For the past two and a half weeks, the team has been intensively crisscrossing and excavating the area upriver from here. Olivier, Doulla, Mardjoua and Lucie have been talking to blacksmiths, dyers, potters and weavers and learning about immigrants from Mali, rites and trade in fish. Abubakar and Wahabou dug a test pit near Pékinga and uncovered a potsherd pavement, hinting to some degree of kinship with Birnin Lafiya. Paul and Emma have (despite the best efforts of the Air France handlers) sampled sites up and down the valley to track use of resources by past inhabitants and the way the river influences settlement now and before.

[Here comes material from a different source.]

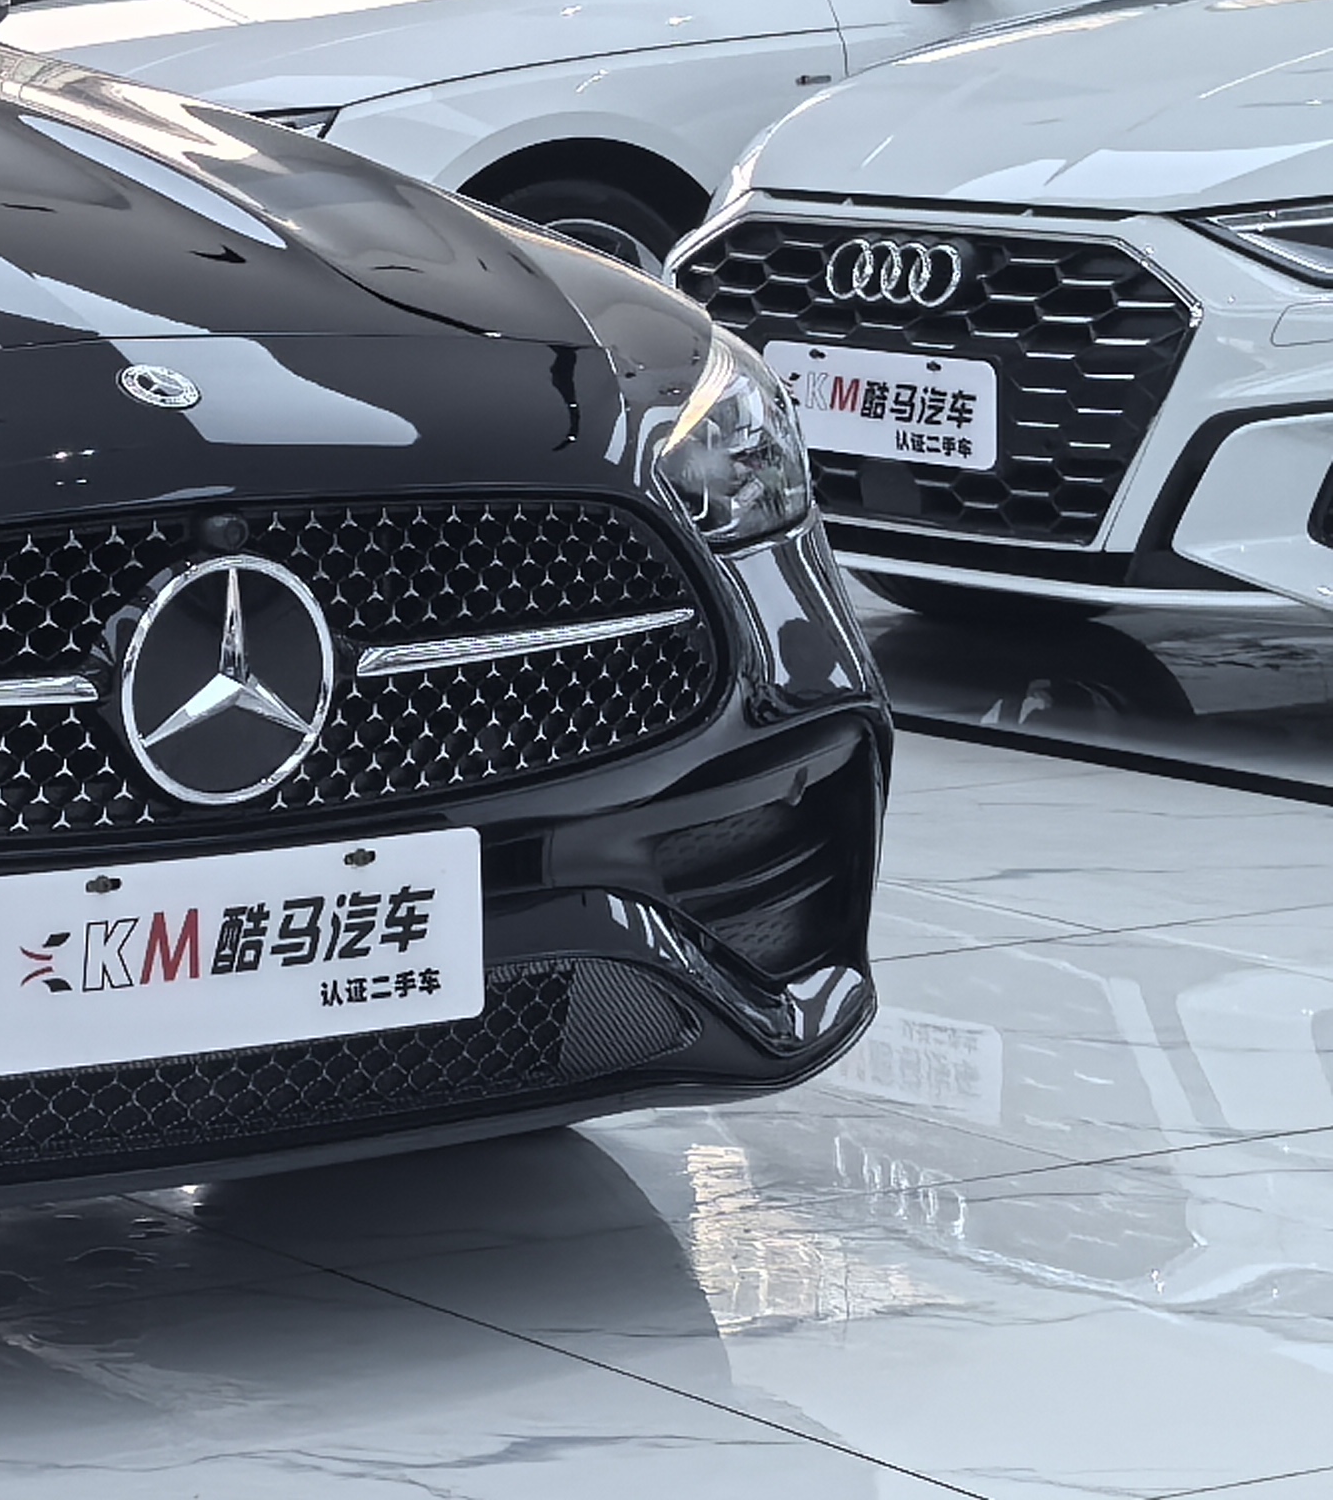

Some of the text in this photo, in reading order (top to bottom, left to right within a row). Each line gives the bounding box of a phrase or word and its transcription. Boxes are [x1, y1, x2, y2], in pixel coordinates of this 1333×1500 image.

[895, 429, 973, 458] 认证二手车
[320, 967, 441, 1007] 认证二手车

Most of the work has focused at Birnin Lafiya (where we have been wondefully welcomed, lodged in the local administrative offices and kept supplied in cool drinks and ice by the police). Adamu, Aminou and Simon, on what was supposed to be an easy student training pit, are puzzling over a deep trench with some eight interlocking pit features, including one containing several toys. Ali worked through an ashy midden with lots of fish bone and then started surveying the wider area arund the site. Sam is patiently piecing together a succession of postherd pavements, plaster-faced walls and fired brick. Carlos is carrying out a geophysics survey, systematically working over the surface of the site in 30x30m squares yet far from exhausting this extensive settlement. Nicolas and Louis are preparing to begin their own, 3x3m, trench, which will be called SVI. Julien is learning from village elders about history and past tree usage.
We are just over halfway through so await further discoveries. It’s a complex and fascinating historical landscape.